Com uma vitória de 65 votos favoráveis e 7 contrários, recentemente,   o senado federal aprovou a Proposta de emenda Constitucional (PEC) que torna obrigatório   o diploma em nível superior para o exercício da profissão de jornalista. A exigência do certificado para o exercício da profissão havia sido desobrigada por decisão do Supremo Tribunal Federal em Junho de 2009. Registre-se que a PEC de nº 33/2009 ainda seguirá para análise na  câmara dos deputados. Entrementes,  a aprovação no senado já anima toda a categoria que defende a formação em ensino superior como requisito  básica para o exercício   profissional.

Nessa perspectiva, os que defendem a extinção do diploma de jornalismo o fazem com argumentos que definem a profissão apenas como um ato intelectual. Uma vez que existem profissionais especialistas em outras áreas que se aventuram no mundo das letras e enveredam no caminho dos artigos opinativos.  Mas ser um grande conhecedor de determinada área do conhecimento humano, por si só  não oferece o arcabouço cultural necessário para desenvolver as atividades de um comunicólogo, as quais vão muito além das colunas e dissertações de opinião.  Com efeito, o cenário atual é propício para esta discussão, uma vez que com tantos aplicativos e tecnologias, qualquer um pode sair por aí difundindo notícias, vídeos e fotos ao argumento de que é jornalista. O problema é que isso é feito sem a menor responsabilidade nas redes sociais e blogs. Essa democratização da informação, acabou se dando de forma desordenada o que confunde a todos o que é realmente ser um formador de opinião, produtor de notícias e um simples conhecedor do fato.
Ampliando o quadro de análise, frise-se que além de uma função intelectual o jornalista “traduz” os fatos e notícias para que a informação seja transmitida de maneira eficaz para a população. Ele é um interlocutor que apura as versões sobre um determinado fato e transmite para que o leitor ou audiência faça seu juízo de valor. Assim como um professor, o jornalista é detentor de conhecimento e forma opiniões. É crucial termos profissionais bem preparados nesta área embasados corretamente nas questões técnicas da profissão alicerçadas pela academia. Vale ressaltar que não existem apenas articulistas e editores os quais expressam suas opiniões sobre temas específicos, e são facilmente confundidos com Administradores, advogados, educadores e outra gama de profissionais que escrevem para jornais e blogs em texto opinativos. O jornalista também está responsável pelo factual, pelo hard news, as notícias diárias sem as quais não se obtém a informação massificada, acerca dos temas corriqueiros.

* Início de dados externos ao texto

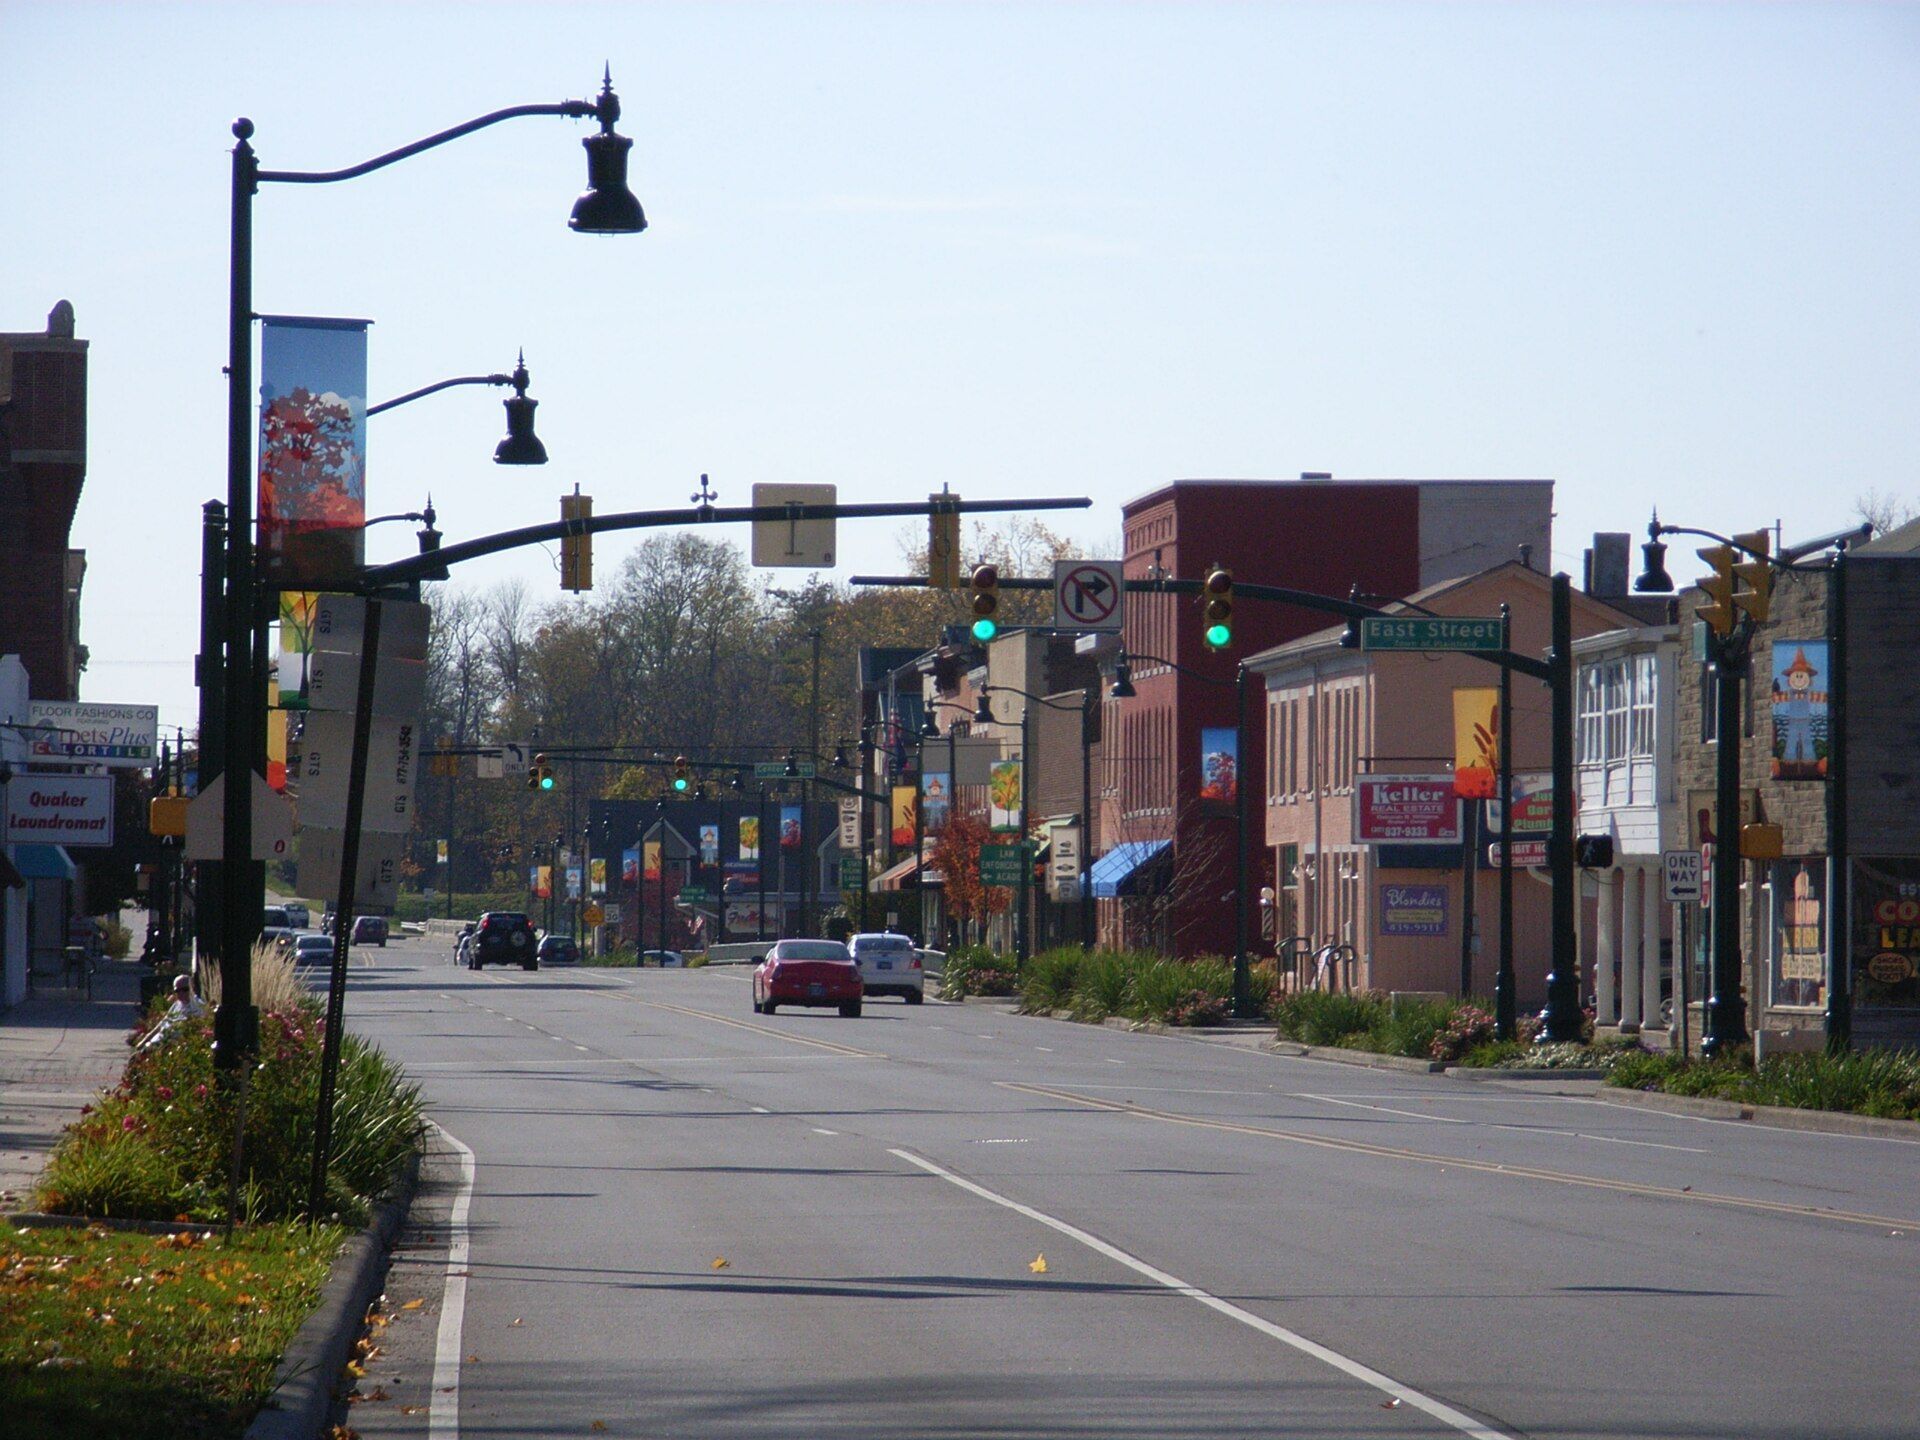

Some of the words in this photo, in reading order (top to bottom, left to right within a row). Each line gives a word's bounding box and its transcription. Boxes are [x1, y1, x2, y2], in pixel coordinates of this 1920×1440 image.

[320, 609, 333, 634] GTS
[1370, 621, 1416, 637] East
[1428, 621, 1495, 638] Street
[32, 705, 72, 717] FLOOR
[75, 707, 134, 720] FASHIONS
[136, 710, 154, 721] CO
[37, 743, 149, 757] CLORTILE
[308, 751, 321, 777] GTS
[505, 764, 526, 772] ONLY
[29, 790, 88, 808] Quaker
[1372, 784, 1444, 804] Keller
[394, 794, 407, 814] GTS
[1403, 805, 1444, 813] ESTATE
[9, 813, 106, 830] Laundromat
[1669, 856, 1697, 868] ONE
[1669, 870, 1697, 882] WAY

Auspicioso focar, ademais, em outro relevante tema, qual seja:  a questão da ética profissional, elemento que deve nortear toda e qualquer profissão, principalmente, a de jornalista, embora não observada por inúmeros profissionais da área. As Instituições de Ensino Superior,  além de transmitir informações e conhecimentos imprescindíveis para o exercício da profissão,   transmite também os direitos e deveres bem como os conteúdos éticos que devem ser sempre condutores dos profissionais da comunicação.  Nesse sentido, se com a base técnica e de conteúdo ético transmitida pelas IES certos profissionais não observam, imagine o que seria destes “profissionais” sem uma estrutura norteadora que complementasse os saberes práticos.  Uma solução, seria a realização de uma avaliação rigorosa ao termino do curso,  tipo a realizada pela OAB, para definir um novo modelo de comunicação, que também considerasse  as inovações midiáticas que acabam sendo utilizadas por toda a população sem a mínima ética tão exigida pela sociedade.

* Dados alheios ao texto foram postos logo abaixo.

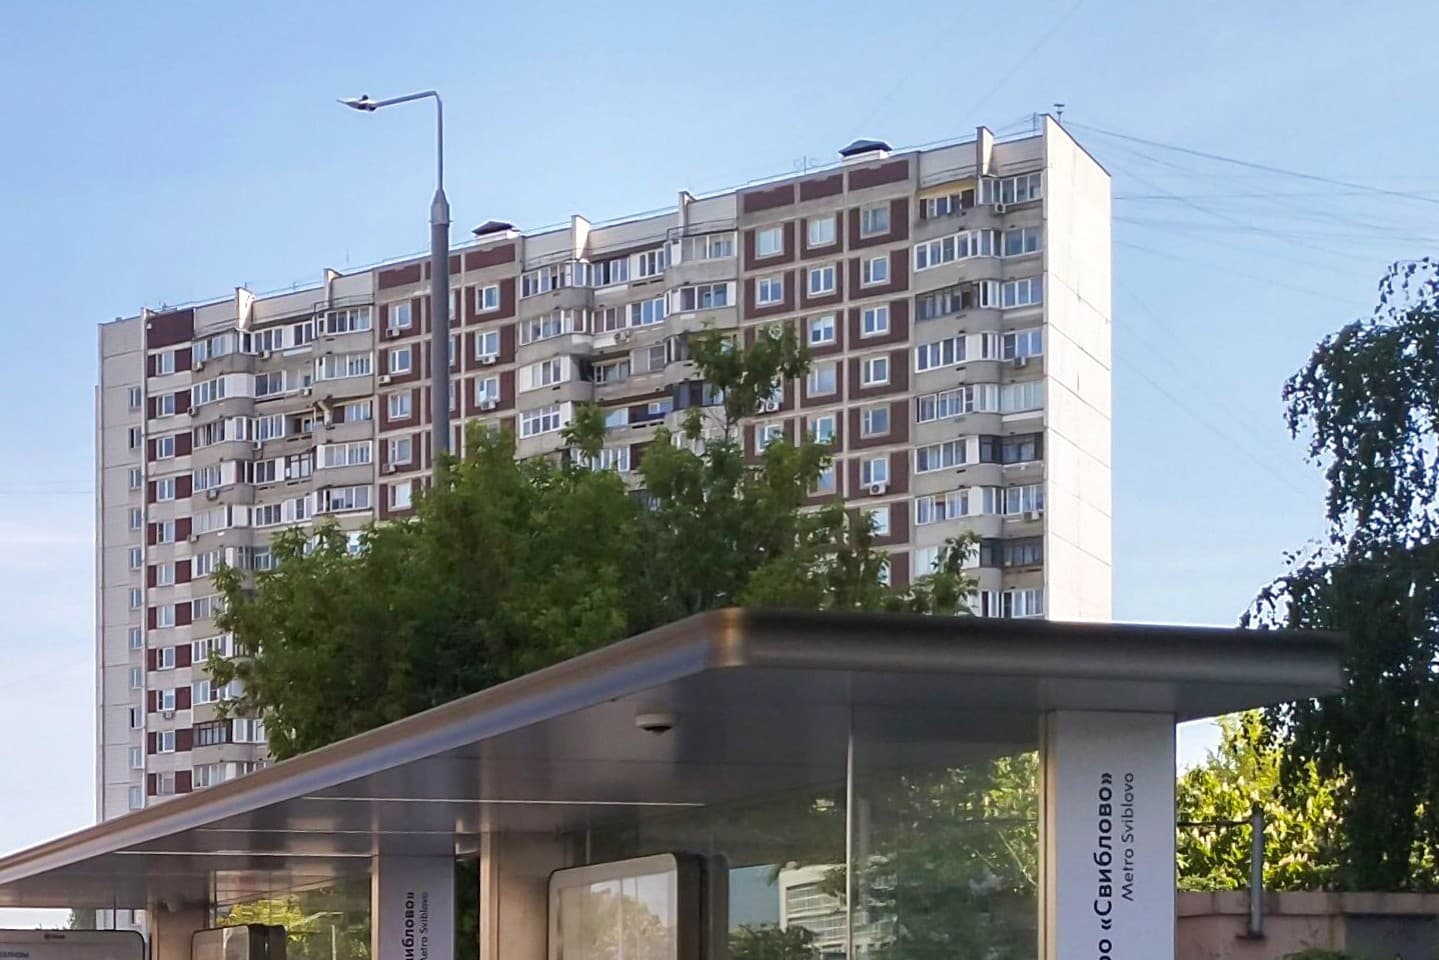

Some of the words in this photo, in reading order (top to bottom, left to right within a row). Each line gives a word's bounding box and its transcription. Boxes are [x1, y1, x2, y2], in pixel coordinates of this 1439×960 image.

[1120, 772, 1134, 843] Sviblovo
[1093, 772, 1113, 930] «Свиблово»
[1121, 848, 1134, 901] Metro

Um profissional do jornalismo  sem a devida formação acadêmica muitas vezes acaba se dedicando à amenidades as quais acabam em rumores sensacionalistas ou em matéria sem fundo crítico que resultam na desinformação da população. O papel de formador de opinião merece mais atenção principalmente no que diz respeito aos saberes técnicos da profissão e não apenas aos macetes repassados nas redações, por profissionais antigos e cheios de vícios adquiridos ao longo da carreira. Acredito que somente a academia é capaz de prover as qualificações teóricas necessárias para um profissional exemplar.